No sé si ese trabajo a tiempo completo está financiado de alguna forma, o rinde algún beneficio, algo que llevarse a la boca.

Desde luego hay fenómenos que parecen relacionados íntimamente en esta posmodernidad tan averiada que nos ha tocado vivir. Por ejemplo el deterioro de la educación, el aumento y éxito de la telebasura, y la proliferación de la idiotez agresiva.

En cuanto a la telebasura, otra cosa no tendremos en nuestro país, pero telebasura ... ¡Para dar y regalar! ¿Y el éxito que tiene?

¡Pan y circo!

Tampoco creo necesario llamar la atención sobre una relación conocida de antaño: la que une en oscura y siniestra camaradería la frustración y la agresividad.

Allí donde la frustración crece, lo hace también la agresividad. Es algo así como la olla a presión donde cocemos las legumbres.

Cuando determinadas emociones nublan nuestra mente es más probable que tengamos una visión distorsionada de los hechos. Y cuando no percibimos con claridad la realidad que nos rodea es más probable que cometamos errores.

Al final entramos en una especie de espiral que se mueve de la frustración a la agresividad, y viceversa, pasando por la desorientación o la alucinación colectiva.

Llegados a este punto, lo difícil es pararse a pensar, es decir, respirar profundo tres veces (o mejor cuatro) y reflexionar con sosiego para dispersar esas nubes de nuestra mente calenturienta.

Nos han dicho que la pandemia no existe, que no es real, que es un invento con mucha publicidad engañosa. Se comprende que quien así lo haya creído ahora se sienta frustrado y confuso.
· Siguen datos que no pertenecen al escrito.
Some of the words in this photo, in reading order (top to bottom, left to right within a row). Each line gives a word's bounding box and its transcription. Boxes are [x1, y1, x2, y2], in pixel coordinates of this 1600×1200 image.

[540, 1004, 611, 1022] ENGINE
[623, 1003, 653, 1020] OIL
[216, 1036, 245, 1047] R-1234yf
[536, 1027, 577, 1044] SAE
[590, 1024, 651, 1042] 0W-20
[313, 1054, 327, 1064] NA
Y por ello mismo ande irritado y descompuesto en busca de culpables.

Hubo poderes económicos muy influyentes que primero intentaron impedir el estado de alarma, y luego nunca dejaron de exigir imperiosamente al gobierno su anulación inmediata, aunque se observaran sus efectos beneficiosos sobre la famosa curva.

Afirmaron con rotundidad epidemiológica que con el fin del estado de alarma y del confinamiento vendrían las soluciones y toda clase de bendiciones a nuestro país, incluido el turismo, porque muy en su línea ideológica, según la cual el Estado es el problema, también el confinamiento que reclamaba el buen control de la pandemia, era el problema, y no el virus.
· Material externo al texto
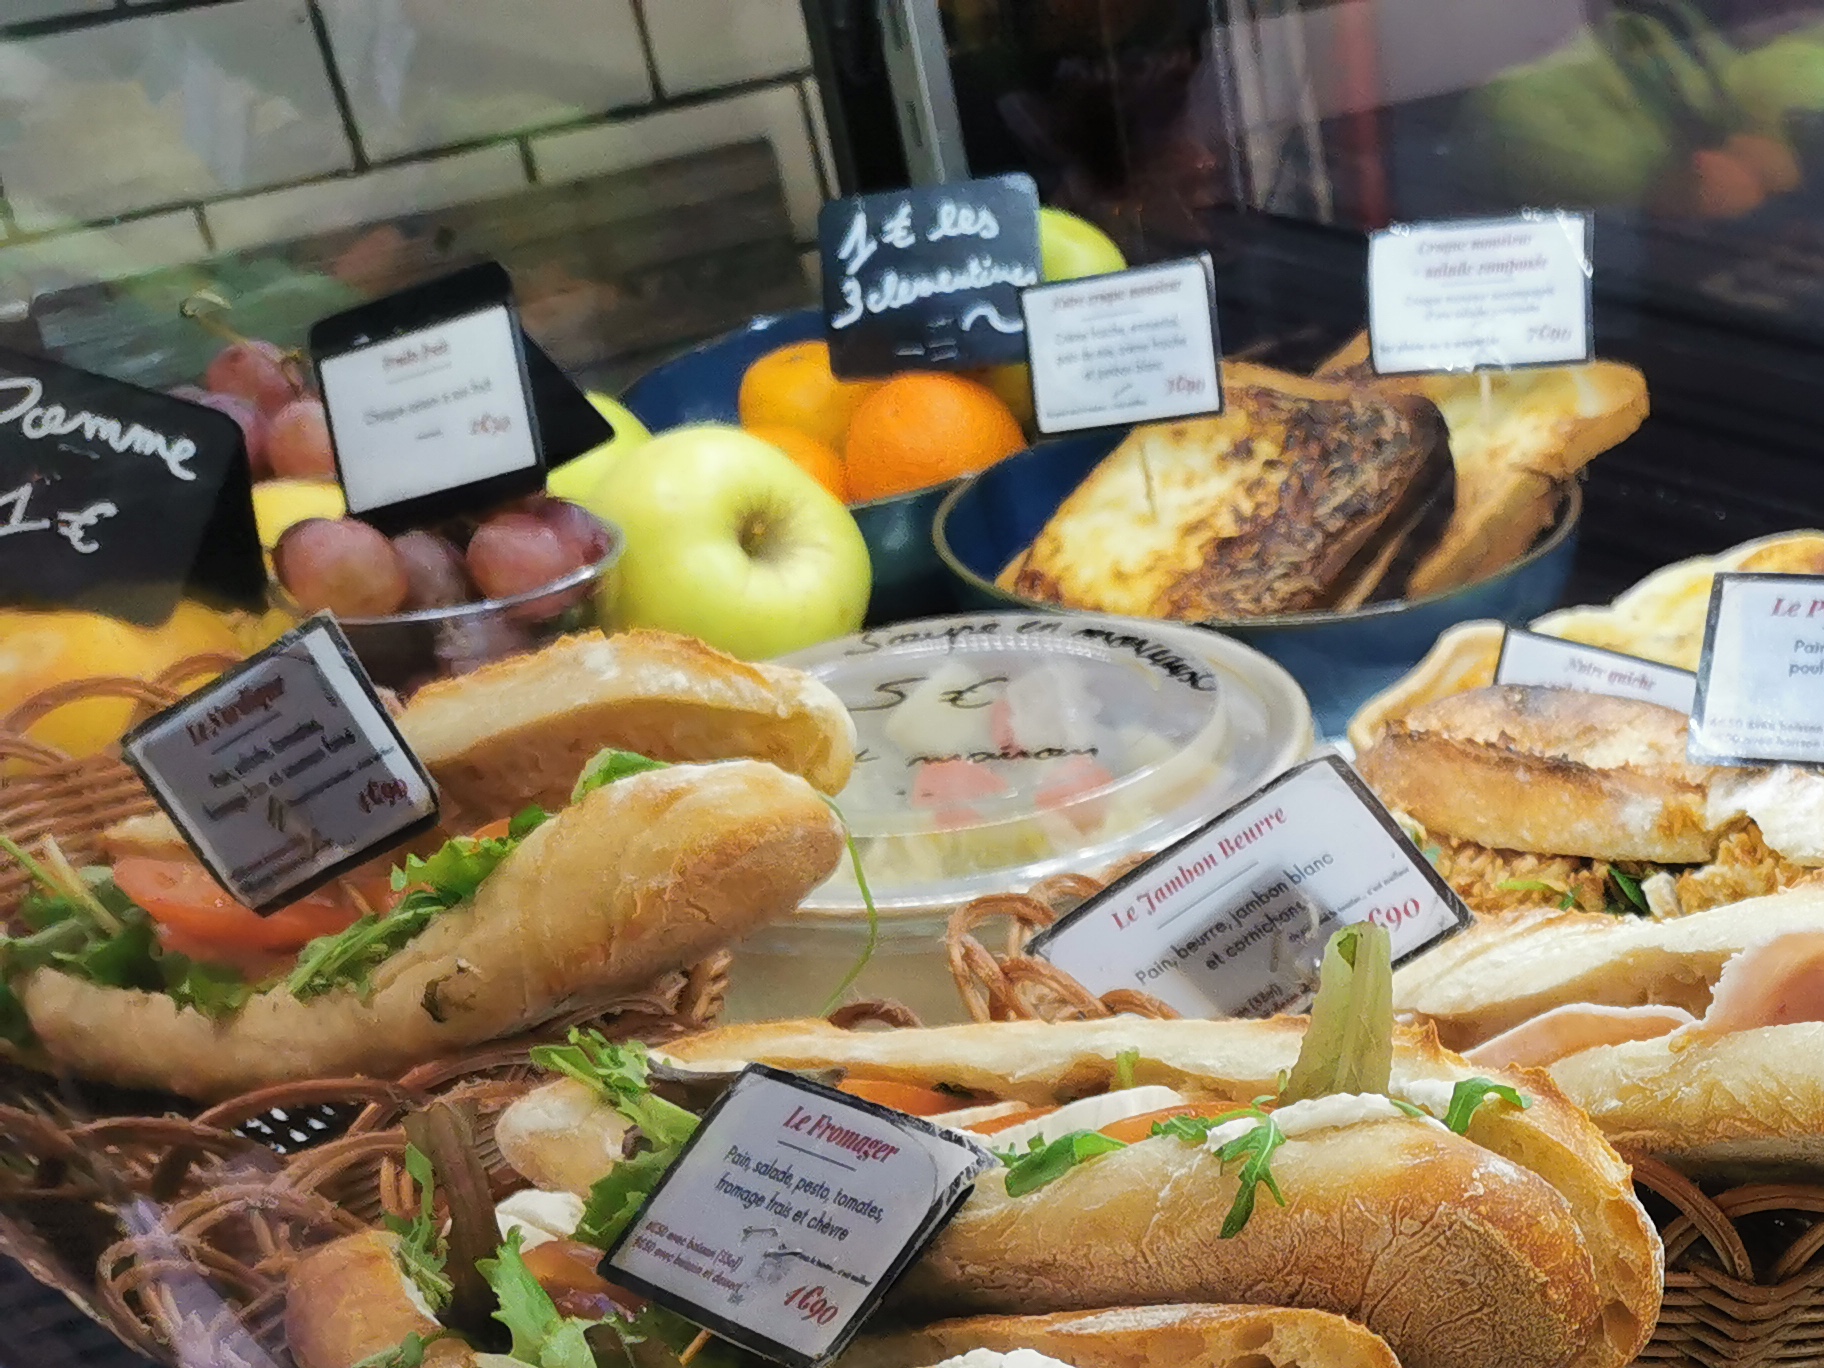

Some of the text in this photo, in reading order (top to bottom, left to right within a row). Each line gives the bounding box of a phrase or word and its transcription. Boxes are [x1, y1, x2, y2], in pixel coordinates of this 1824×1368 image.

[1770, 597, 1801, 618] Le
[1111, 805, 1288, 932] Le Jambon Beurre
[1134, 955, 1178, 986] Pain,
[1170, 920, 1233, 960] beurre,
[1229, 880, 1290, 929] jambon
[1283, 852, 1335, 885] blanc
[1367, 897, 1420, 932] €90
[1206, 950, 1226, 971] et
[782, 1105, 900, 1163] Le Fromager
[715, 1171, 849, 1241] fromage frais et chèvre
[723, 1144, 884, 1224] Pain, salade, pesto, tomates,
Parece que su visión del asunto era demasiado limitada, o sesgada, o torpe. Desde luego su pronóstico ha sido todo un fiasco.

No parece que el problema sea tan sencillo como afirmaban.
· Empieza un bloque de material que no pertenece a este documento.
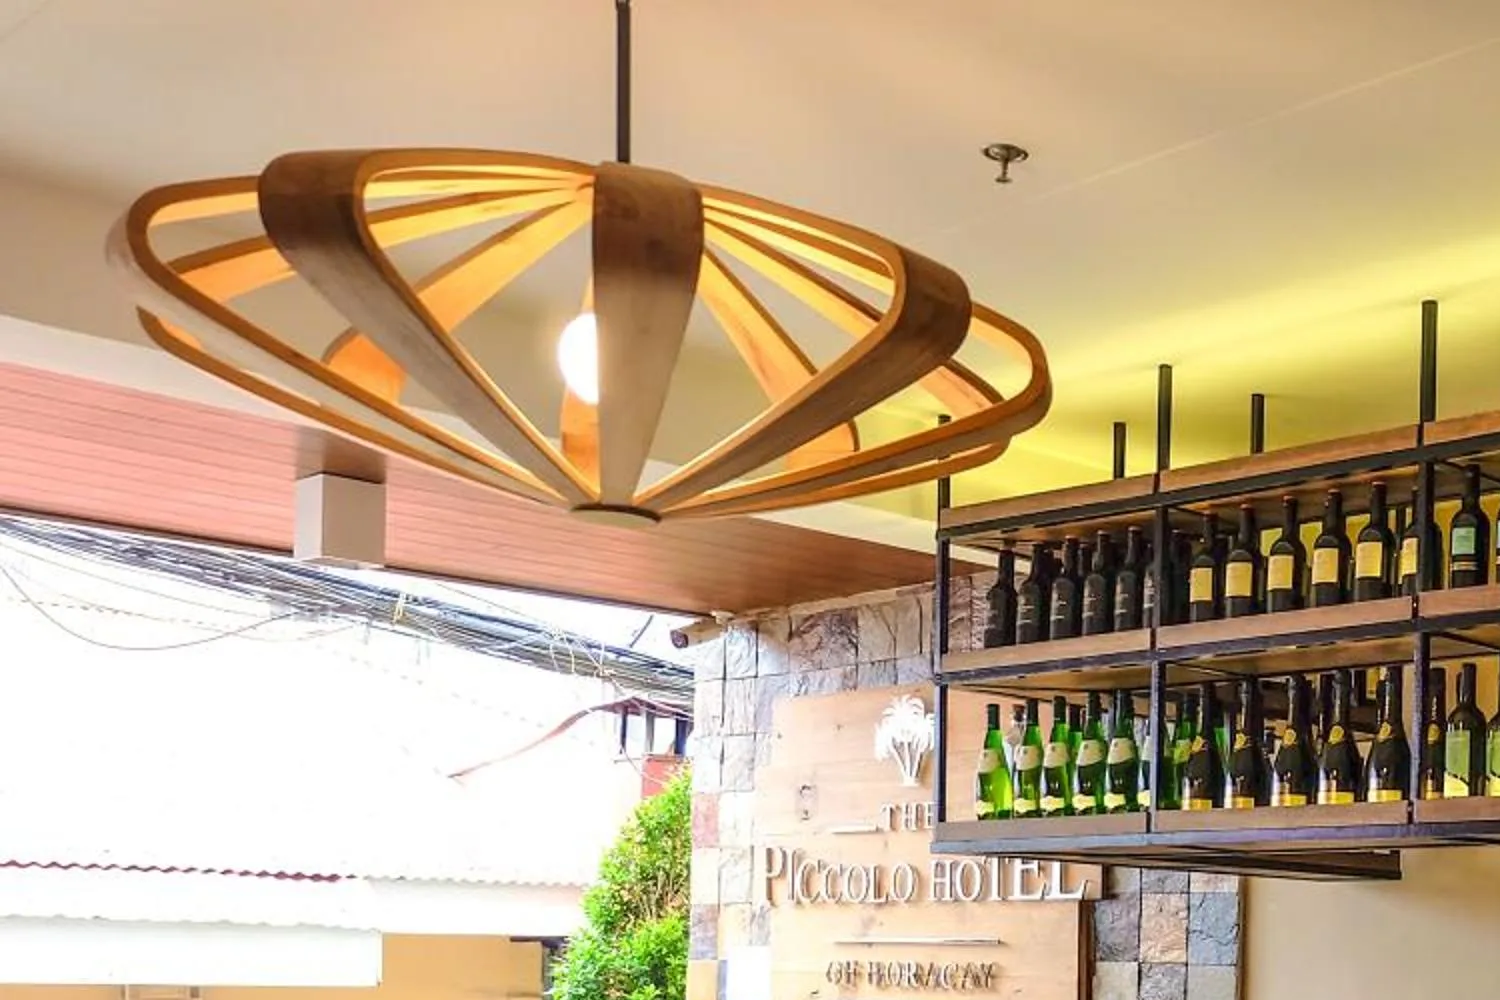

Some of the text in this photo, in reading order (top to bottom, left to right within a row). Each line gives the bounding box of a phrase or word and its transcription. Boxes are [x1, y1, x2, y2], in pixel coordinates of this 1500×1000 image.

[880, 801, 936, 832] THE
[760, 847, 1088, 905] PICCOLO HOTEL
[826, 960, 859, 988] OF
Hubo quien dijo que la mascarilla era innecesaria, o incluso quien ha alentado a que no se use, y en ello insisten aún. Quienes se han situado en esa ficción peligrosa es muy probable que se den un batacazo tras otro, y del golpe salgan con las ideas aún más confusas.

Algunos presidentes autonómicos se jactaron en su día de saber hacerlo mucho mejor que el gobierno central en la lucha contra la COVID, y pedían precisamente eso, poder hacer, que les dejaran a ellos.

Al día de hoy, en que han podido hacer según sus competencias y deseos, aquella afirmación, bastante temeraria, no parece corresponderse con la realidad, y piden auxilio, volver a la situación previa en que quien decidía y asumía la responsabilidad era el gobierno central.

Son como niños.

Como vemos, los motivos para la frustración no faltan, y para colmo esta frustración viene facilitada por una percepción distorsionada de los hechos, en la que no son pocos los que colaboran.

Sin duda hay otros motivos que pueden enturbiar nuestro ánimo, aún con una percepción bien orientada de la realidad. Cuando somos conscientes de la precariedad y fragilidad de nuestros servicios públicos, en contraste con lo mucho que medra la corrupción en nuestro país y el fraude que preside nuestra política de impuestos, en vez de ofuscarnos debemos desperezarnos y encontrar en ello motivo para la acción.

Se necesita con urgencia promover una actitud adulta y responsable que desde el análisis de los hechos reales apunte a soluciones verdaderas.
El problema está en no acertar con el origen y naturaleza de nuestros males. Si no se acierta en esto las soluciones serán impotentes, y los problemas tendrán larga vida.

En resumen: es un poco infantil negar la cruda realidad porque la ficción es más placentera.

Lo que no es inocente es mentir a conciencia por intereses políticos o de otro tipo, colaborando así a aumentar el caos.